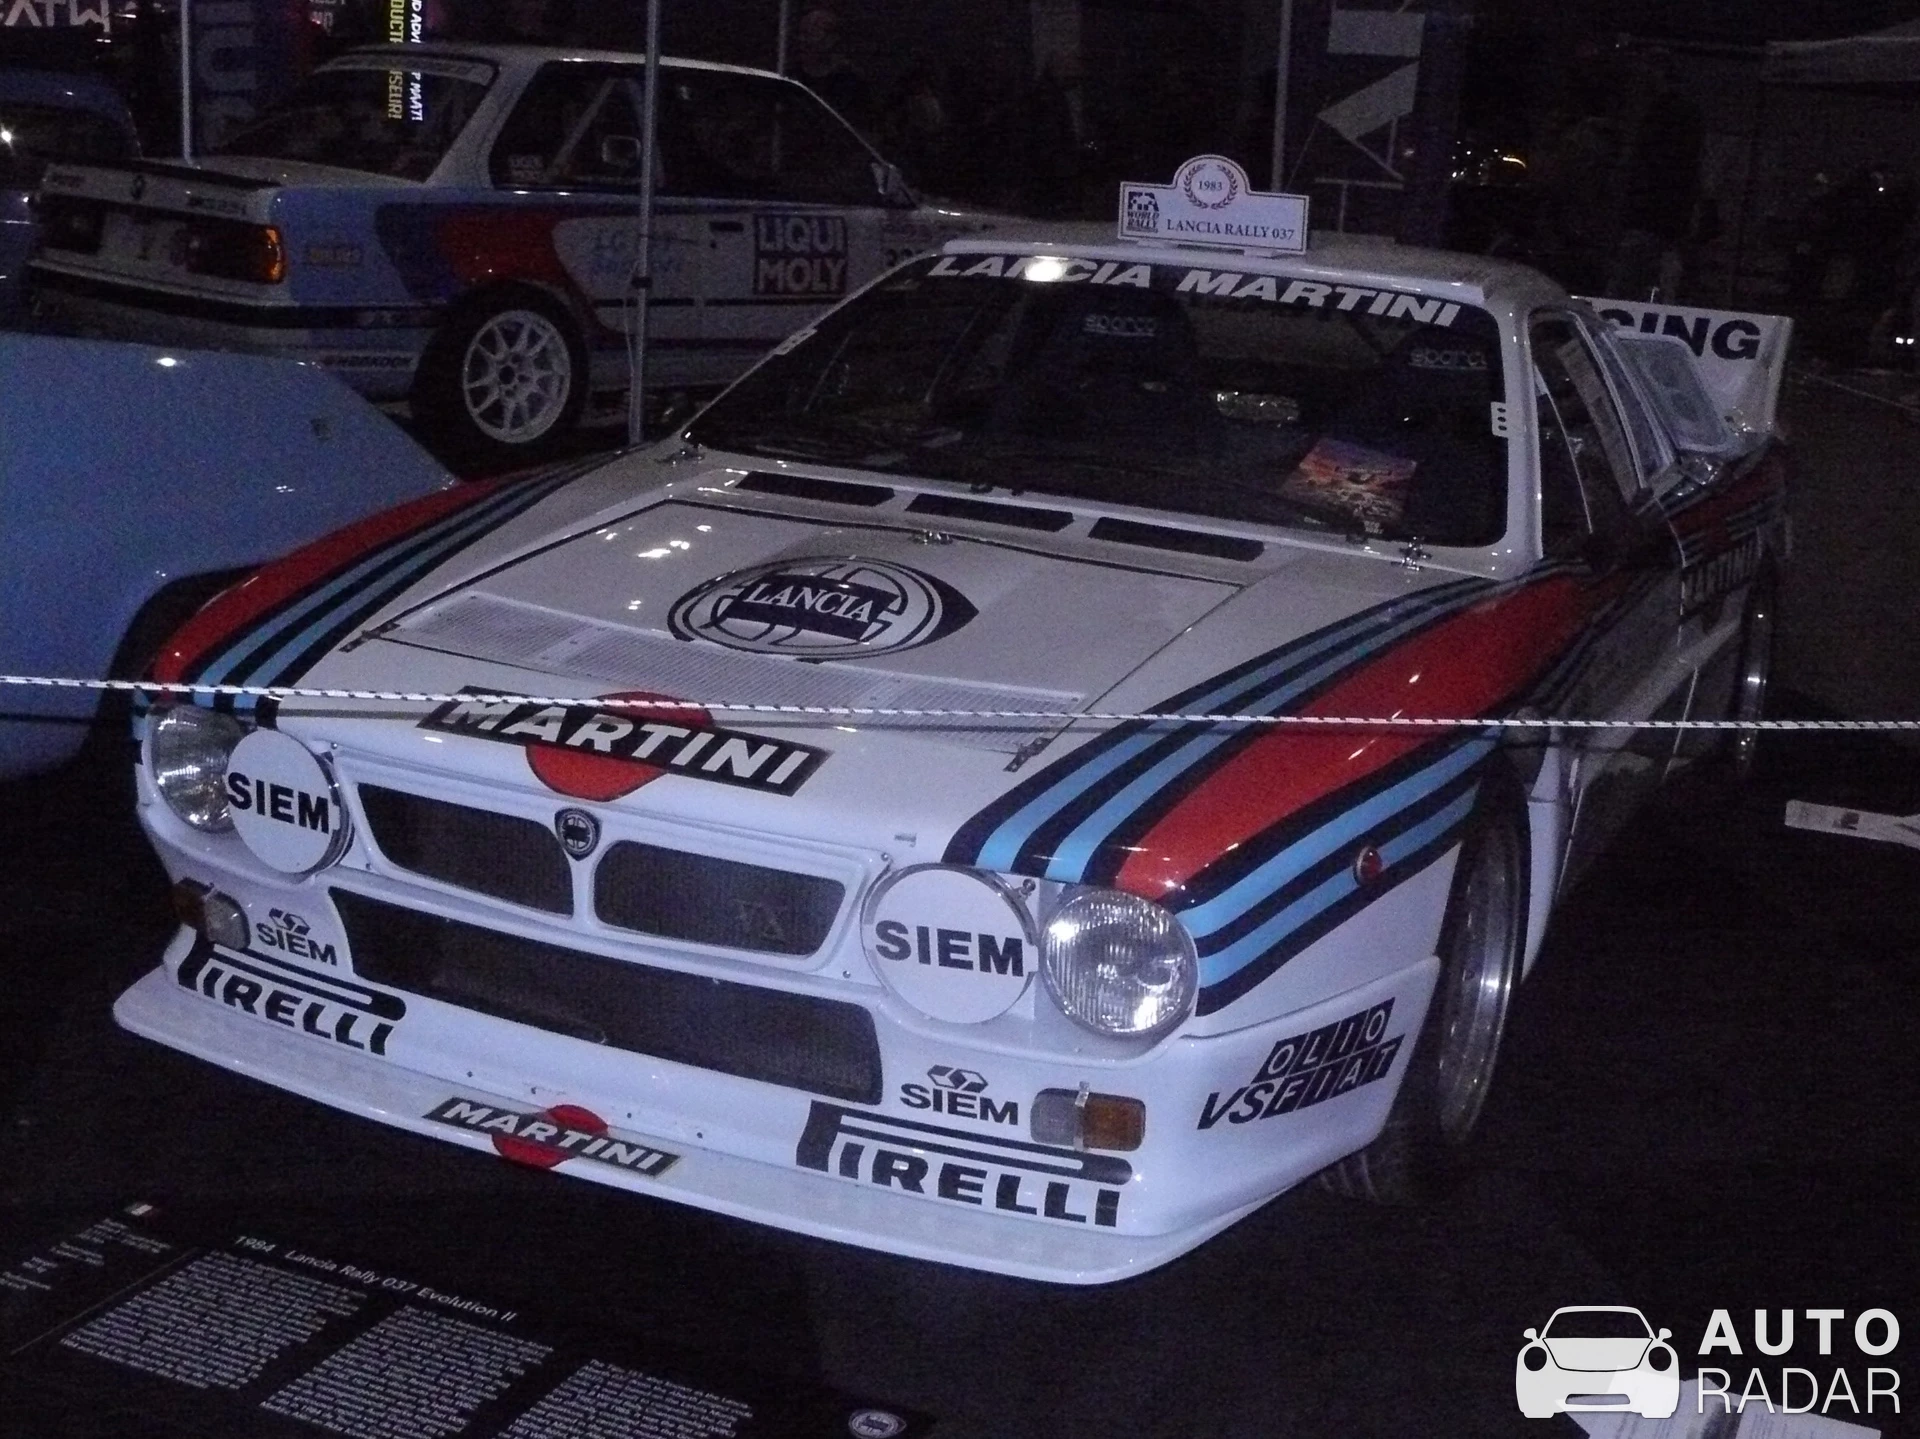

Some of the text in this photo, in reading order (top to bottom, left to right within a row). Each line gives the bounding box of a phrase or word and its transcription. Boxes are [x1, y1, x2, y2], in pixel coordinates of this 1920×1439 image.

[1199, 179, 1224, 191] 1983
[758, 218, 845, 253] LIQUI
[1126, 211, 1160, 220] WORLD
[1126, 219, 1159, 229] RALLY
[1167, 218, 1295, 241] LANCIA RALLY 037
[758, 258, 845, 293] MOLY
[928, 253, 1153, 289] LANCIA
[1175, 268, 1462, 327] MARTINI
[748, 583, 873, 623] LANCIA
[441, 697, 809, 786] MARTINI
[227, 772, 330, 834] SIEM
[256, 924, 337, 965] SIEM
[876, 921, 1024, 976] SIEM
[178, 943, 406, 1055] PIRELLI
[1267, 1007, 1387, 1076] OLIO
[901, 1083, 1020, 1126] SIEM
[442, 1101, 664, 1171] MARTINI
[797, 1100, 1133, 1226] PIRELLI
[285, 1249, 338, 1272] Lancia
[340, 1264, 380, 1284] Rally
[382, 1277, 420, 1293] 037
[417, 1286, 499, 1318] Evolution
========================================
Leaving out every picture, repeat the records above exactly as they stand.

Some of the text in this photo, in reading order (top to bottom, left to right within a row). Each line gives the bounding box of a phrase or word and its transcription. Boxes are [x1, y1, x2, y2], in pixel coordinates of this 1920×1439 image.

[1199, 179, 1224, 191] 1983
[758, 218, 845, 253] LIQUI
[1126, 211, 1160, 220] WORLD
[1126, 219, 1159, 229] RALLY
[1167, 218, 1295, 241] LANCIA RALLY 037
[758, 258, 845, 293] MOLY
[928, 253, 1153, 289] LANCIA
[1175, 268, 1462, 327] MARTINI
[748, 583, 873, 623] LANCIA
[441, 697, 809, 786] MARTINI
[227, 772, 330, 834] SIEM
[256, 924, 337, 965] SIEM
[876, 921, 1024, 976] SIEM
[178, 943, 406, 1055] PIRELLI
[1267, 1007, 1387, 1076] OLIO
[901, 1083, 1020, 1126] SIEM
[442, 1101, 664, 1171] MARTINI
[797, 1100, 1133, 1226] PIRELLI
[285, 1249, 338, 1272] Lancia
[340, 1264, 380, 1284] Rally
[382, 1277, 420, 1293] 037
[417, 1286, 499, 1318] Evolution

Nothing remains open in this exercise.